▸ Exercise details:
The expected result is a word-for-word copy of the entries, minus any pictures.

▸ Records to use:
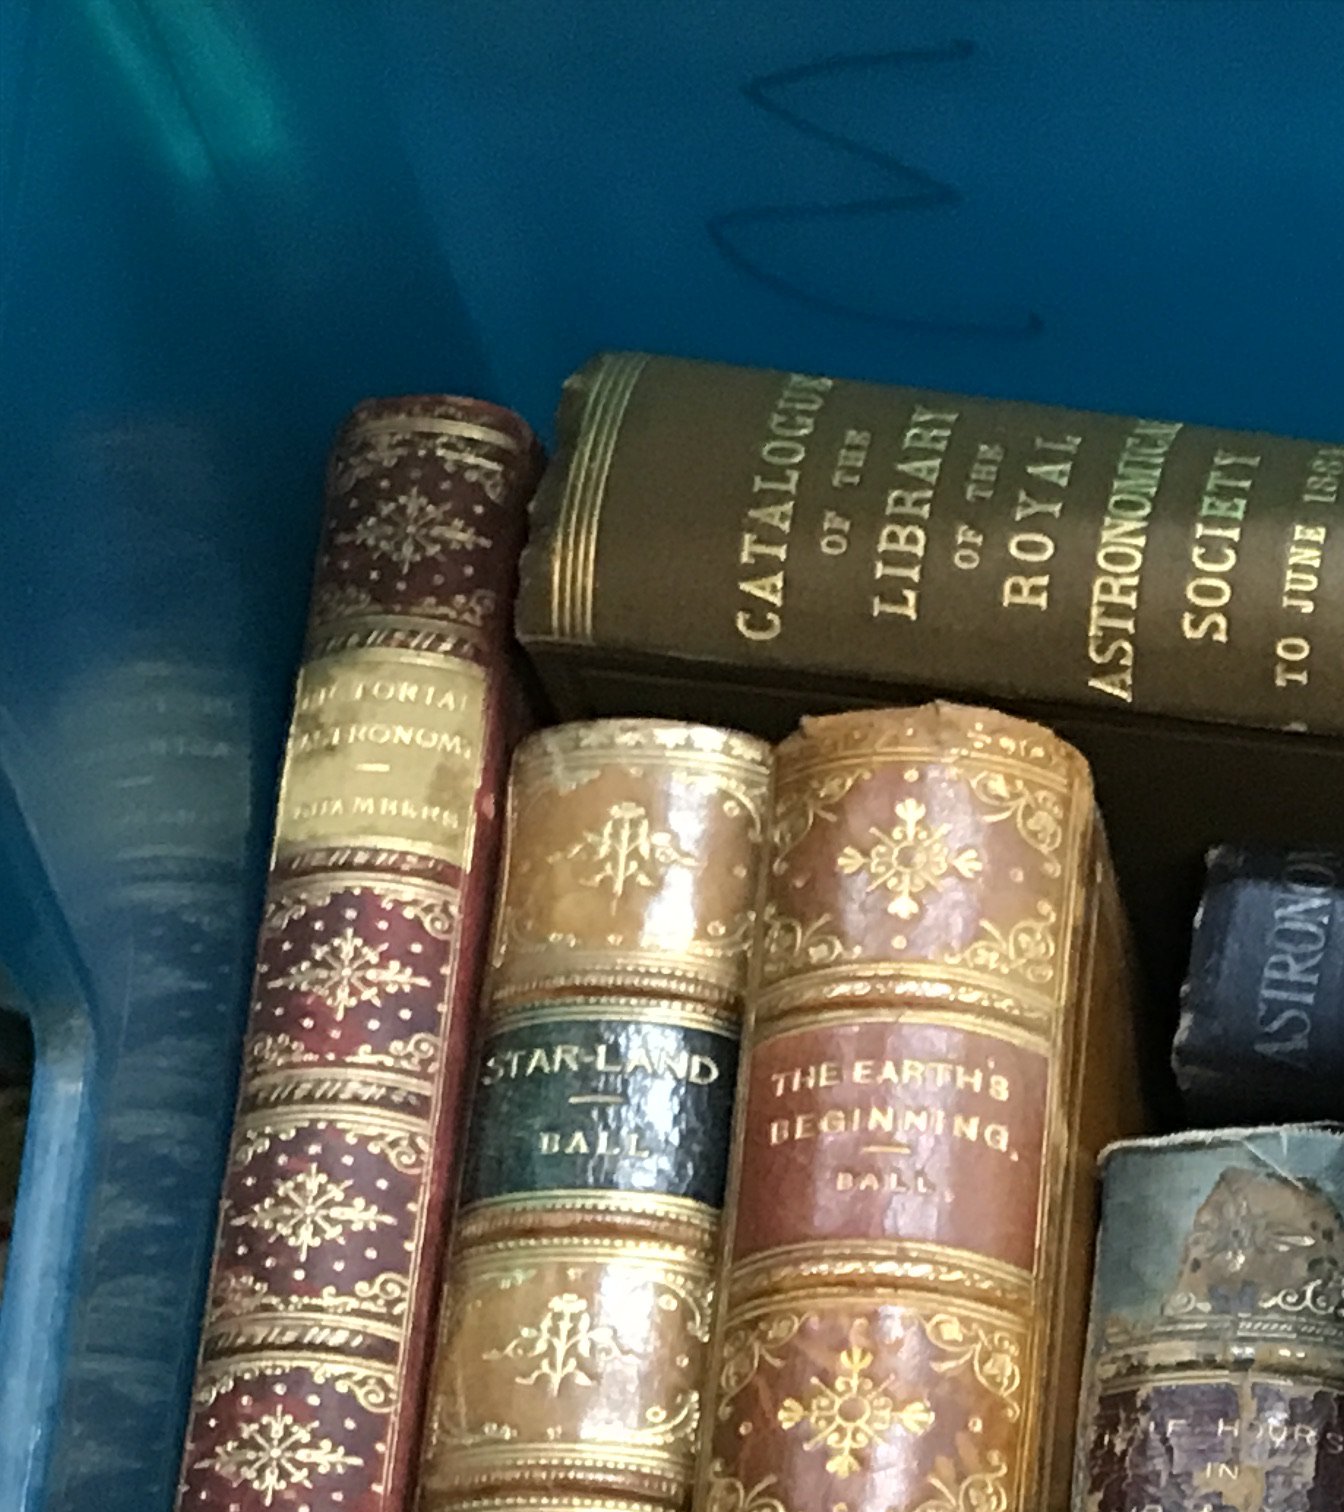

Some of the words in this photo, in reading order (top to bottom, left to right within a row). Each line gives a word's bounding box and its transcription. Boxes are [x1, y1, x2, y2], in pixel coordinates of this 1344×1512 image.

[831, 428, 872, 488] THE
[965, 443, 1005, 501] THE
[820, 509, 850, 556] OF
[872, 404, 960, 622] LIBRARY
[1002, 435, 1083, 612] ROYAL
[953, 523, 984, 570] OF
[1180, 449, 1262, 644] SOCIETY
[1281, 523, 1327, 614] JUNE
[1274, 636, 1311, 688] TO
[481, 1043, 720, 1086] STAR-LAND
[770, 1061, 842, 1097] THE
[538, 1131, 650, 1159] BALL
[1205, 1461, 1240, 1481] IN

▸ Written answer:
Some of the words in this photo, in reading order (top to bottom, left to right within a row). Each line gives a word's bounding box and its transcription. Boxes are [x1, y1, x2, y2], in pixel coordinates of this 1344×1512 image.

[831, 428, 872, 488] THE
[965, 443, 1005, 501] THE
[820, 509, 850, 556] OF
[872, 404, 960, 622] LIBRARY
[1002, 435, 1083, 612] ROYAL
[953, 523, 984, 570] OF
[1180, 449, 1262, 644] SOCIETY
[1281, 523, 1327, 614] JUNE
[1274, 636, 1311, 688] TO
[481, 1043, 720, 1086] STAR-LAND
[770, 1061, 842, 1097] THE
[538, 1131, 650, 1159] BALL
[1205, 1461, 1240, 1481] IN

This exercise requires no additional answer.